Au coin d'une rue de cette ville le bar d'un nommé Vincent. Ce jour là, le bar était plein à craquer de soldats comme tous les Dimanche venus vider des verres au son d'un air d’accordéon et à consacrer leurs temps vides à d'autres jeux existants en ce lieu habituel pour eux.
Dehors, parée en tenue de paras, une patrouille militaire descendait la rue Saint-Paul. En tenue impeccable elle descendait lentement faire sa tournée comme font toutes les patrouilles de randonnée. A en juger leur tenue bien propre venant tout droit à l'instant de leur logistique, il n'en doute à quelqu'un de tirer quelques soupçons à leurs allures.
En file indienne, ils contournèrent complétement l’horloge comme pour inspecter chaque recoin des rues aux alentours. La patrouille fit le contour de l'horloge et se dirigea continuant son chemin vers la rue du coin du Bar Vincent, l'horloge indiquait 16h de l’après midi.
A l’intérieur du bar, il y avait du monde et devant la porte se tenait un adolescent.

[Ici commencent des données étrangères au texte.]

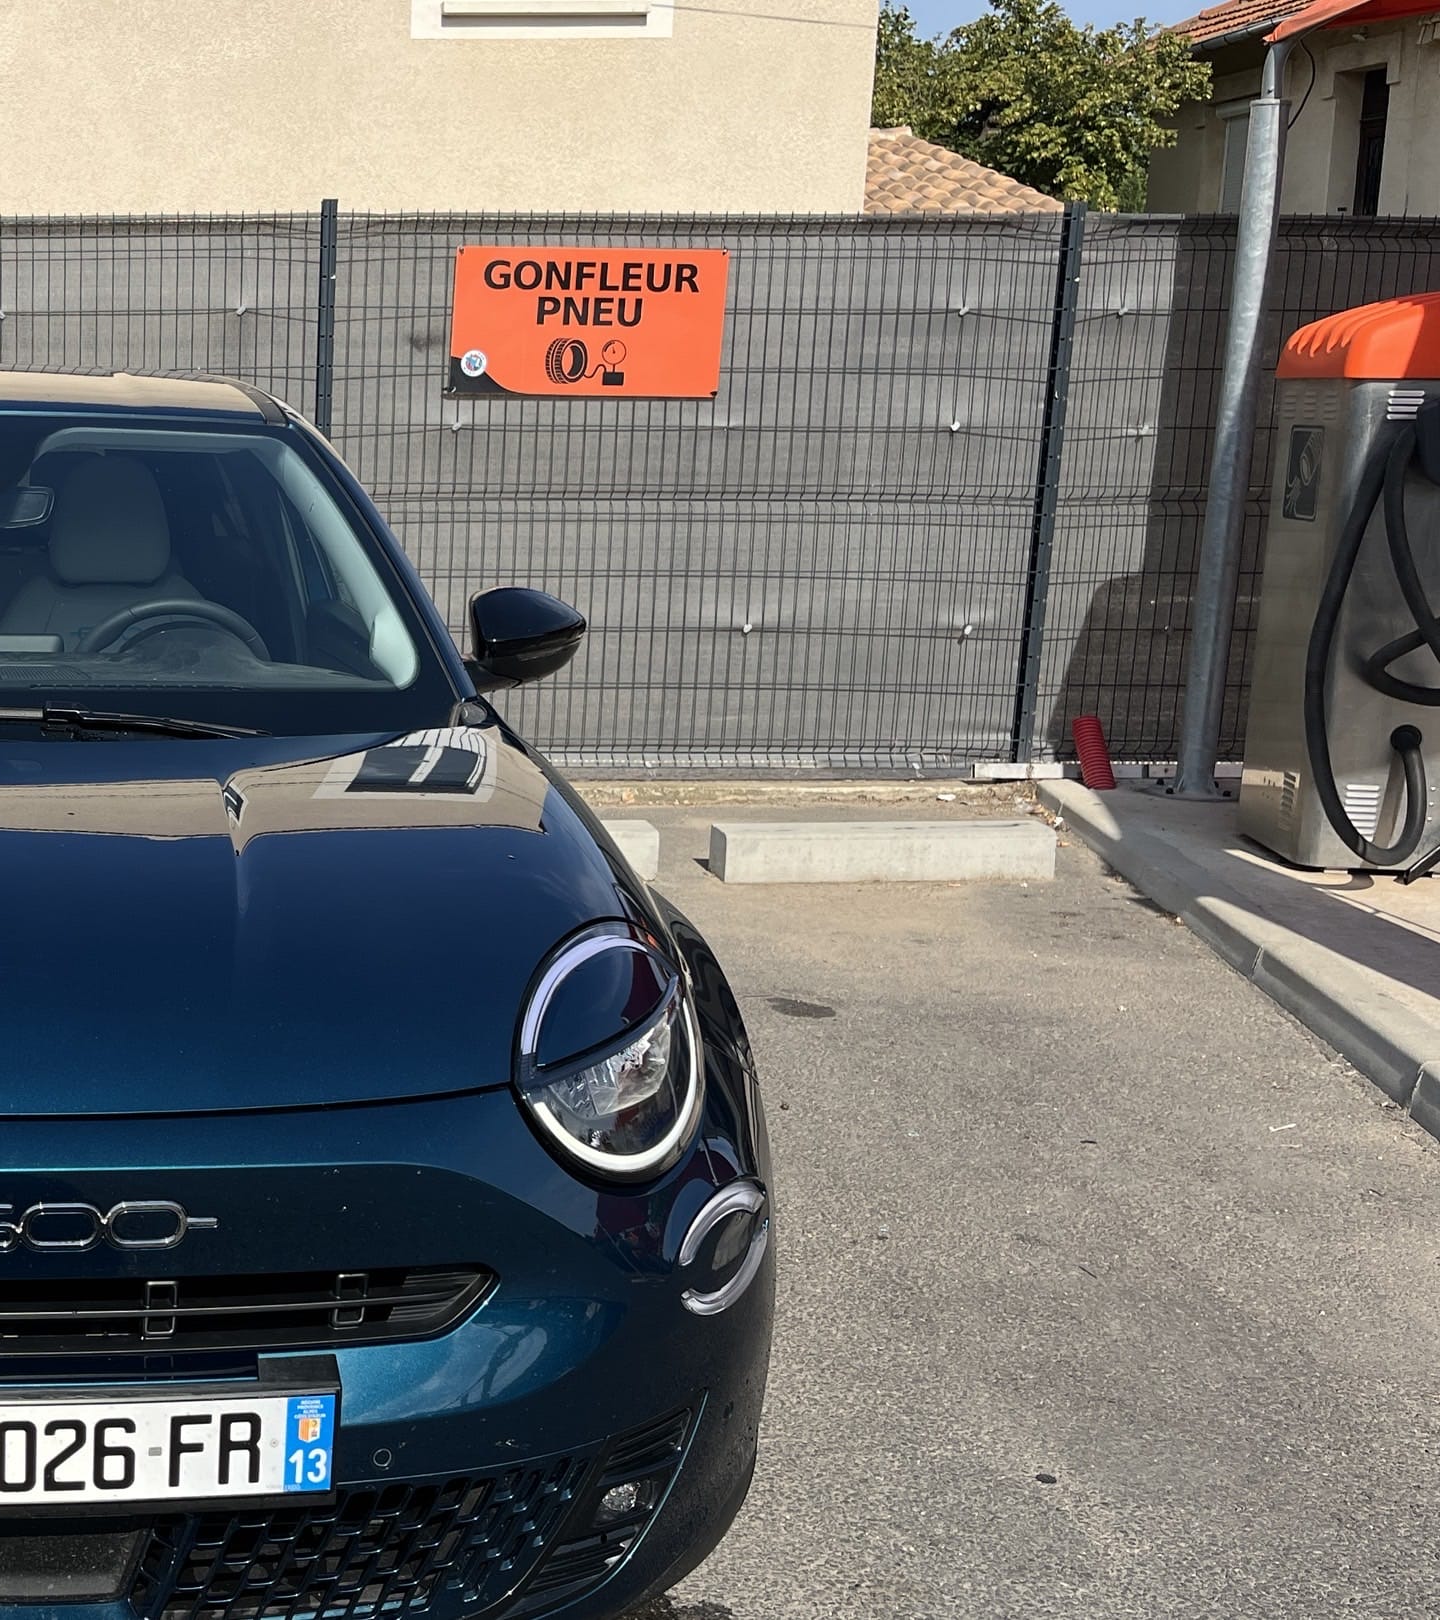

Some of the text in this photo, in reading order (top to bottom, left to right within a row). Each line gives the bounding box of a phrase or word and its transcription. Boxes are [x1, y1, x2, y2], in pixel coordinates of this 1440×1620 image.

[483, 260, 699, 293] GONFLEUR
[536, 296, 643, 327] PNEU
[168, 1412, 261, 1488] FR
[288, 1448, 328, 1484] 13

Un enfant du lycée de garçons de Miliana que le destin plaça en cet endroit en ce moment là. Cet enfant était un interne et c’était son jour de sortie, on l'appelait Kaddour au lycée, ses camarades le surnommaient TOTO.

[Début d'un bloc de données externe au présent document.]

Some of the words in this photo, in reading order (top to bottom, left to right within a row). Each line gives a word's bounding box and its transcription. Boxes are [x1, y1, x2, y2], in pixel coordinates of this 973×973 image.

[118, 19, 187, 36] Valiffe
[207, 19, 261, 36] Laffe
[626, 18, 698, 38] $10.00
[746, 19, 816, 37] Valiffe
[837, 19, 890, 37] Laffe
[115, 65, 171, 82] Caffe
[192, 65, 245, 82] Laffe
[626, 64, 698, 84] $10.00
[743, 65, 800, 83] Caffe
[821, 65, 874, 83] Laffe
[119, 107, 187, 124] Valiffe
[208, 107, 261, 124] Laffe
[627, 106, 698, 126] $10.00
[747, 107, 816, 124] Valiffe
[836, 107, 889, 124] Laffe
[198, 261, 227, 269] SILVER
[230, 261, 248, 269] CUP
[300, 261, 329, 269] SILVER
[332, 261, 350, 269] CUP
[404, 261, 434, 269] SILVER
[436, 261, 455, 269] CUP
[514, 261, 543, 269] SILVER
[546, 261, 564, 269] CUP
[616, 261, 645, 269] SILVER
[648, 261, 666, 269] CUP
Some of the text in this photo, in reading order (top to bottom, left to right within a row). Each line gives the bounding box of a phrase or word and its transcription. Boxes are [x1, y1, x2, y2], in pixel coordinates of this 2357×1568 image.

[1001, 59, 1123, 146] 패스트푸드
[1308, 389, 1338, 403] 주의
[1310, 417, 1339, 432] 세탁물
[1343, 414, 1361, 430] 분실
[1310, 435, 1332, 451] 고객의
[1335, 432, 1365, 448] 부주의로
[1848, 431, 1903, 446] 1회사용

Le premier para arrivé devant la porte pointa son arme en direction de l’intérieur, l'enfant se trouvait en position devant lui. A la vue de l'arme automatique une mitraillette pointait en sa direction l'enfant cria ! C’était un cri d'un innocent. Un cri que tout être en frayeur peut pousser.
Le para lui cria ! OIKHAR ! OIKHAR!!! le dégagea pour lui le champ libre et tira quelques rafales, un autre jeta une grenade. Le cri de l'enfant a déclenché aux oreilles des militaires et des gens présents en ce lieu cette alerte qui a épargné pas mal de vies.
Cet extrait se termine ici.